The prolonged electricity outage in Ebony Park Phase 1, Midrand, is not just a technical failure − it is a stark indictment of systemic inefficiency and collective punishment.
For over a year, residents there have endured life without power after a transformer failure in April last year. And as Johannesburg’s winter tightens its grip, the hardship of affected households has escalated from inconvenience to crisis.
At the centre of this impasse is Eskom’s position: that illegal connections and meter tampering led to the transformer’s damage. While electricity theft is a serious concern that undermines infrastructure sustainability, the utility’s blanket response has effectively penalised an entire community − including law-abiding residents.
This raises a fundamental issue of fairness and proportionality. Public utilities operate under a dual mandate: to enforce compliance and to ensure equitable access to essential services.
Electricity is not a luxury; it underpins basic human dignity. Without it, households are plunged into conditions that affect health, safety, and economic participation. Food spoils, homes become unsafe after dark, and the cost of alternative energy sources − gas, paraffin and firewood − becomes prohibitive, particularly for the already vulnerable households.
Eskom’s current approach appears administratively convenient but ethically flawed. Collective punishment erodes public trust and undermines the very compliance it seeks to enforce.
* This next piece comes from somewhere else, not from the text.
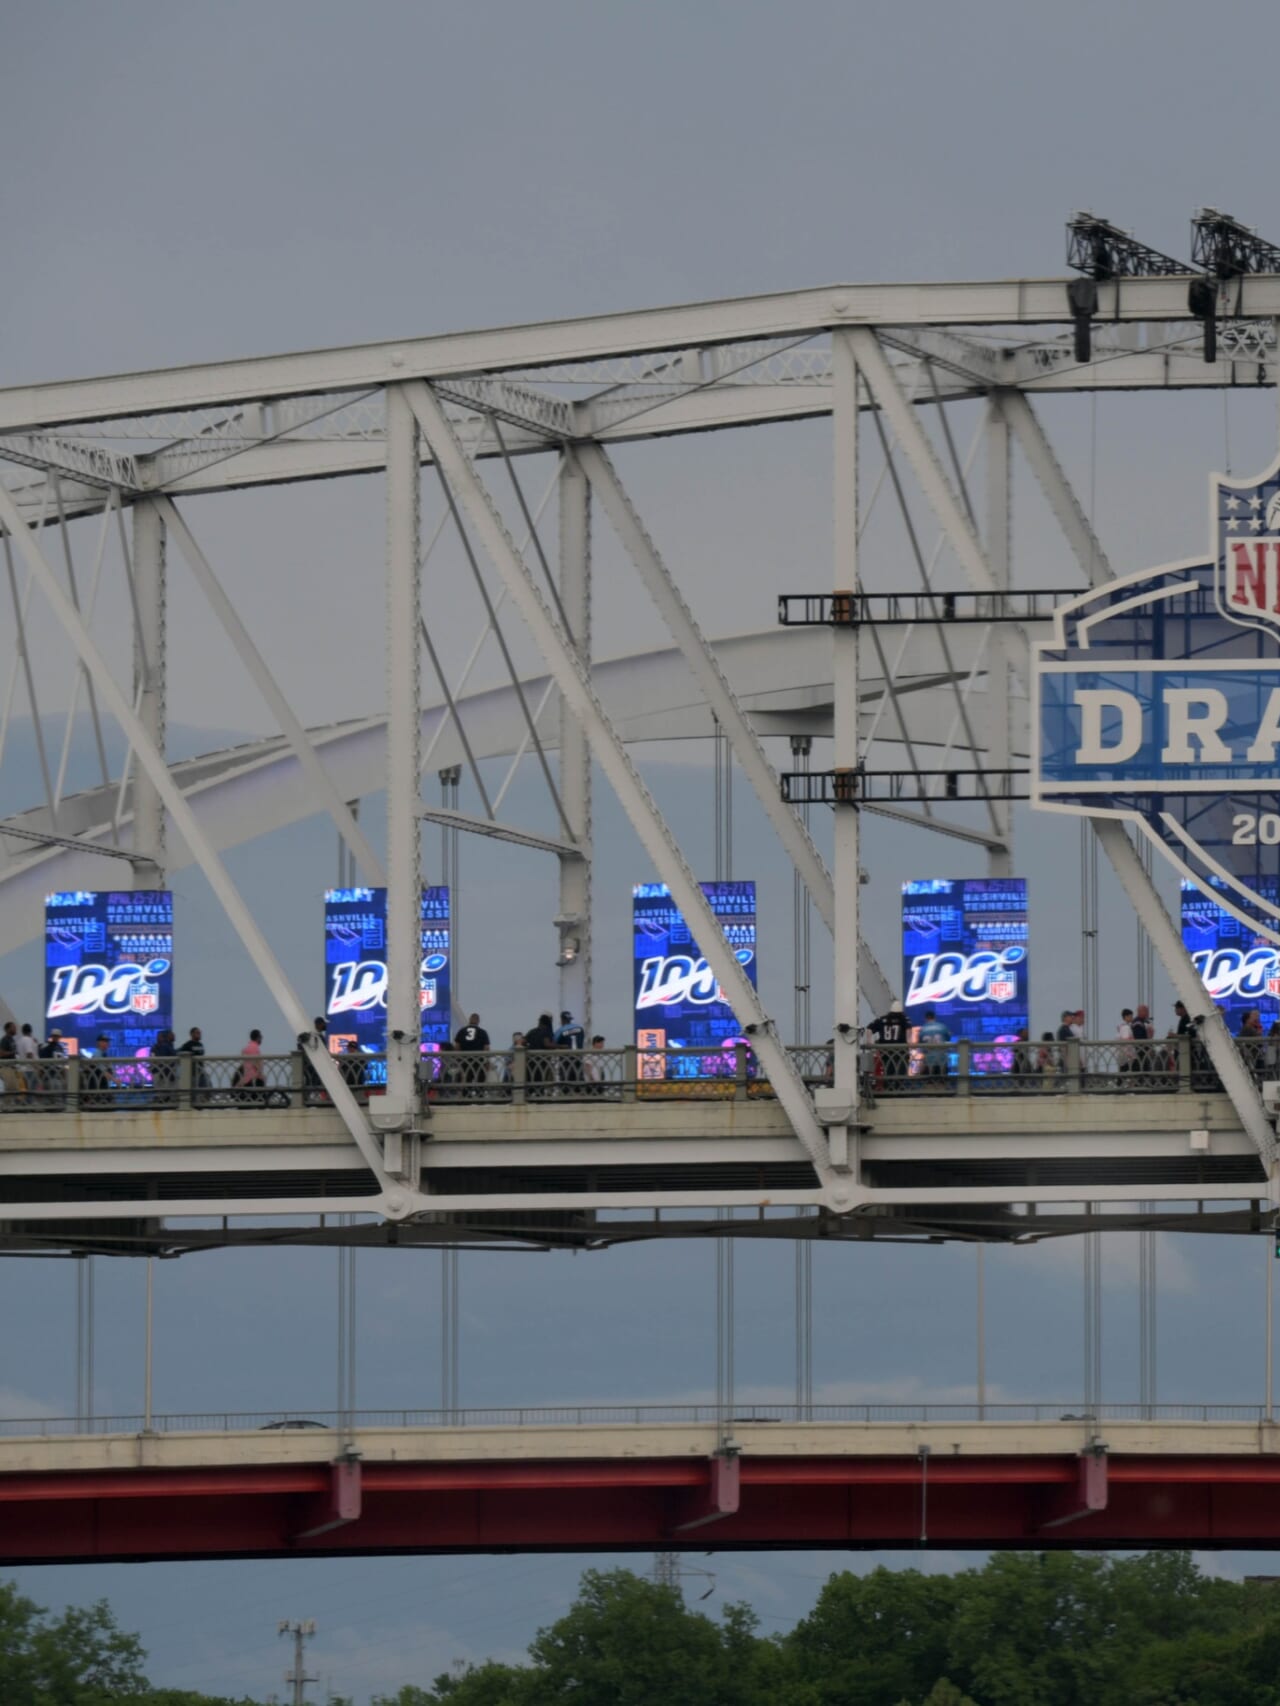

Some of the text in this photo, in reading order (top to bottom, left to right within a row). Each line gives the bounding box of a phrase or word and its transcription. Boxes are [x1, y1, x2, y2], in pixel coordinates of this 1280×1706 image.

Innocent residents, who have adhered to regulations, are now collateral damage in a broader enforcement strategy that lacks nuance. There is a clear operational gap between identifying offenders and restoring service to compliant users.
What is required is a targeted, data-driven intervention. Eskom must accelerate household-level audits to distinguish between compliant and non-compliant users. Those found guilty of illegal connections should face penalties and be required to regularise their supply before reconnection.
Conversely, verified compliant households must be prioritised for immediate restoration. Technological solutions such as smart metering and tamper detection systems should be deployed to prevent recurrence.
Moreover, local government cannot remain a passive observer. Municipal authorities must collaborate with Eskom to facilitate community engagement, mediate disputes, and co-fund infrastructure repairs where necessary.
The situation in Ebony Park is not an isolated incident; it reflects a broader national challenge in balancing enforcement with service delivery.
The continued blackout is untenable. A year without electricity is not a delay − it is a failure. If public institutions are to retain legitimacy, they must act decisively, fairly, and with urgency.
Ebony Park residents, and others similarly affected elsewhere, deserve more than explanations. They deserve power, accountability and justice.